Aber der über 100 Jahre alte Flügel von Steingraeber & Söhne ist nicht nur zu loben. Hinsichtlich der Stimmbarkeit hat er wie so viele Pianos unreine Saiten. Ferner trifft man ab der Mittellage wieder einmal auf die so genannten stumpfen Töne. Diese Töne liegen im Zentrum der Klaviatur und werden häufig gebraucht. Der stumpfe Klangcharakter bedeutet konkret, dass die Tonhaltedauer dieser Töne wesentlich kürzer ist als die der meisten anderen Töne des Instruments. Wie wirkt sich das für den Klavierspieler aus? Wenn man ein verstimmtes Klavier spielt, dann leidet darunter in der Regel die Performance. Das heißt konkret, dass man ein Stück nicht so dynamisch und ausdrucksstark wie sonst präsentieren kann, da man sich einfach mehr darauf konzentrieren muss, um aufgrund der verstimmten Töne nicht aus dem auf einer Erwartungshaltung aufgebauten Konzept zu kommen. Verstimmte Töne werden nicht erwartet. Sie sind Störungen, die mich immer wieder zu Anpassungen zwingen. Anpassung ist aber in der Regel kein Ausbildungsziel des Klavierunterrichts, der im allgemeinen auf Reproduktion und nicht auf Improvisation ausgerichtet ist. Darüber hinaus wird die Grundschnelligkeit meines Vortrags durch solch stumpfe Töne beeinflusst.
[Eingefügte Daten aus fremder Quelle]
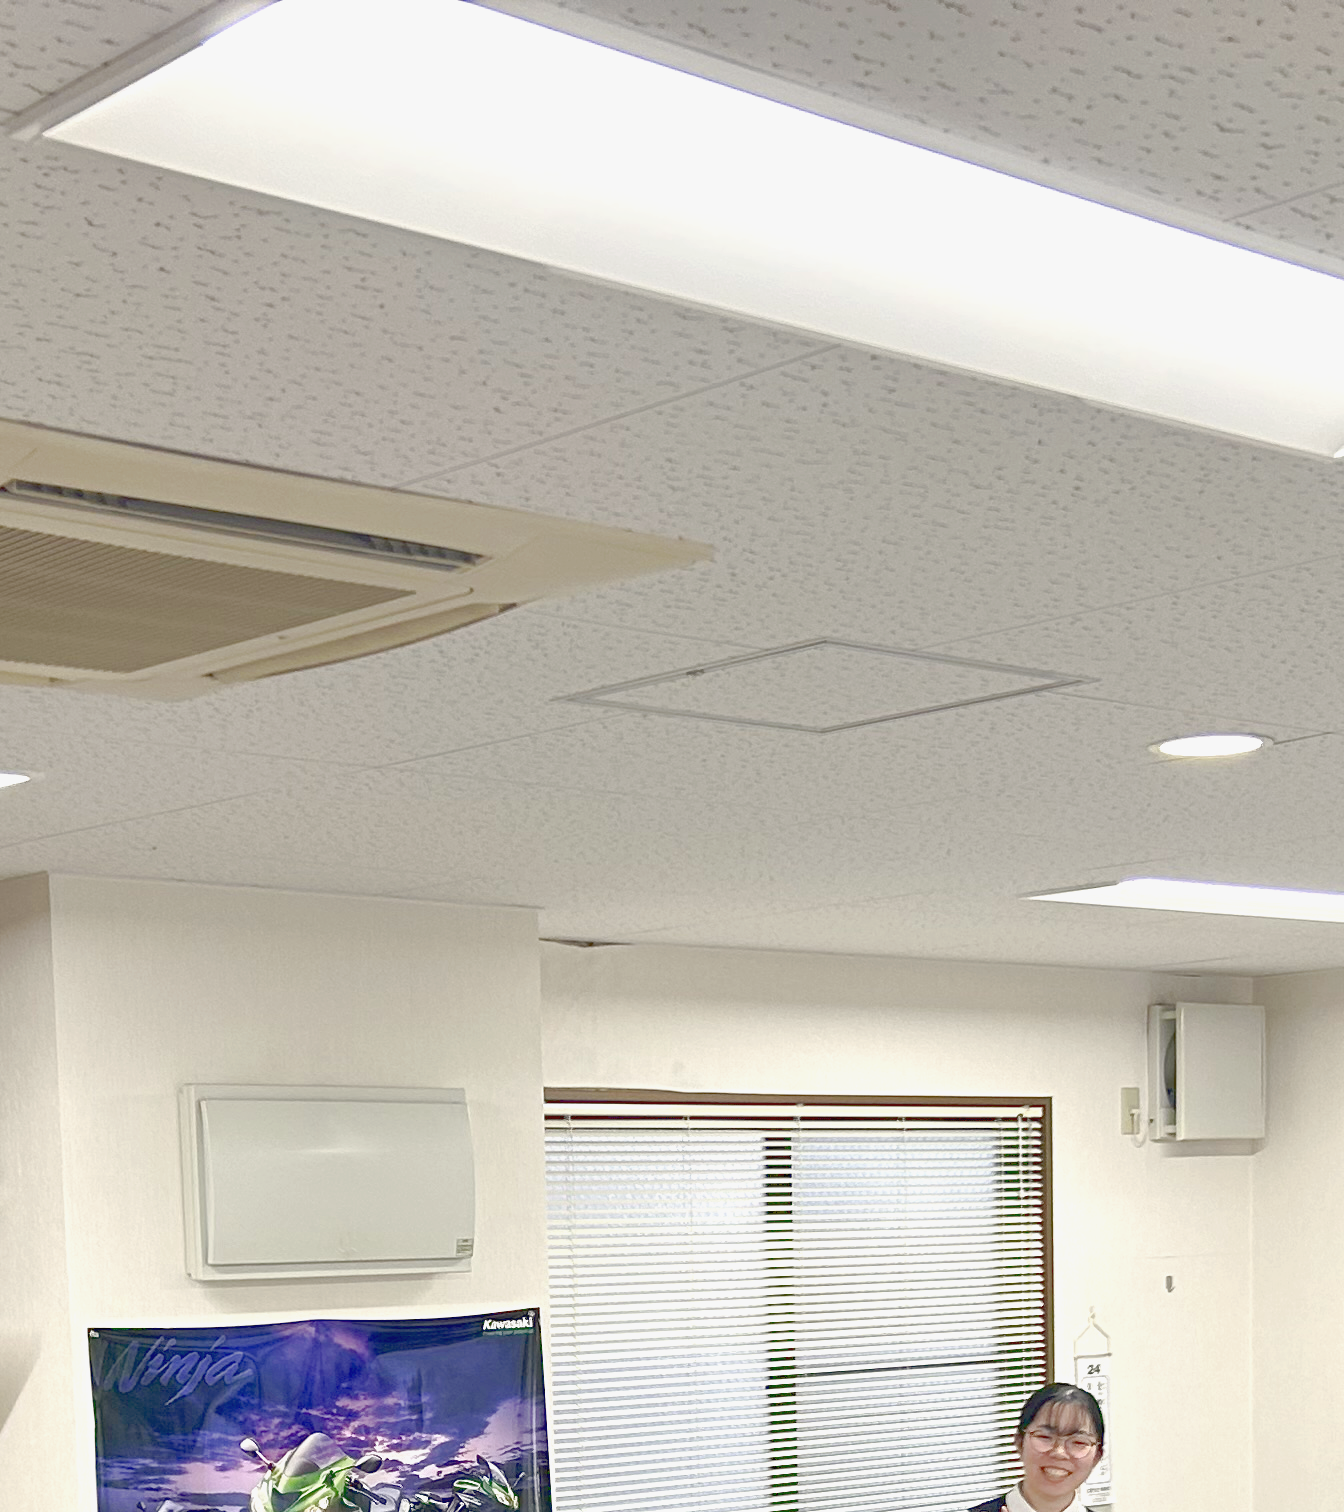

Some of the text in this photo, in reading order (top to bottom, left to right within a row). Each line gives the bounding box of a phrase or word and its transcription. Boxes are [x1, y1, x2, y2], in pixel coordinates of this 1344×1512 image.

[483, 1316, 533, 1330] Kawasaki
[103, 1335, 254, 1406] Ninja
[1087, 1364, 1101, 1375] 24
Denn man kann nicht während eines musikalischen Vortrags aufstehen und dem Publikum erläutern, dass an diesem Phänomen, das die Zuhörer als Fehler wahrnehmen würden, nicht der Klavierspieler sondern der Klavierhersteller schuld ist. Also spielt man diese Töne kürzer und damit das Stück insgesamt schneller. Wenn Sie also meine gestimmte Version hören, so ist die vergleichsweise höhere Dynamik zum einen der besseren Stimmung sowie zum anderen der Vermeidungsstrategie dieser stumpfen Töne geschuldet. Eine Vermeidungsstrategie ist aber das Gegenteil dessen, worum Sie sich als Klavierspieler bemühen, nämlich um die Optimierung der Ausdrucks Ihres Klavierspiels. Wie eingangs erwähnt, ist dieses Phänomen der stumpfen Töne jedoch keine Besonderheit von Steingraeber oder von alten Instrumenten. Man findet es heute immer noch bei neuen Klavieren und Flügeln sowie bei vermutlich allen Herstellern.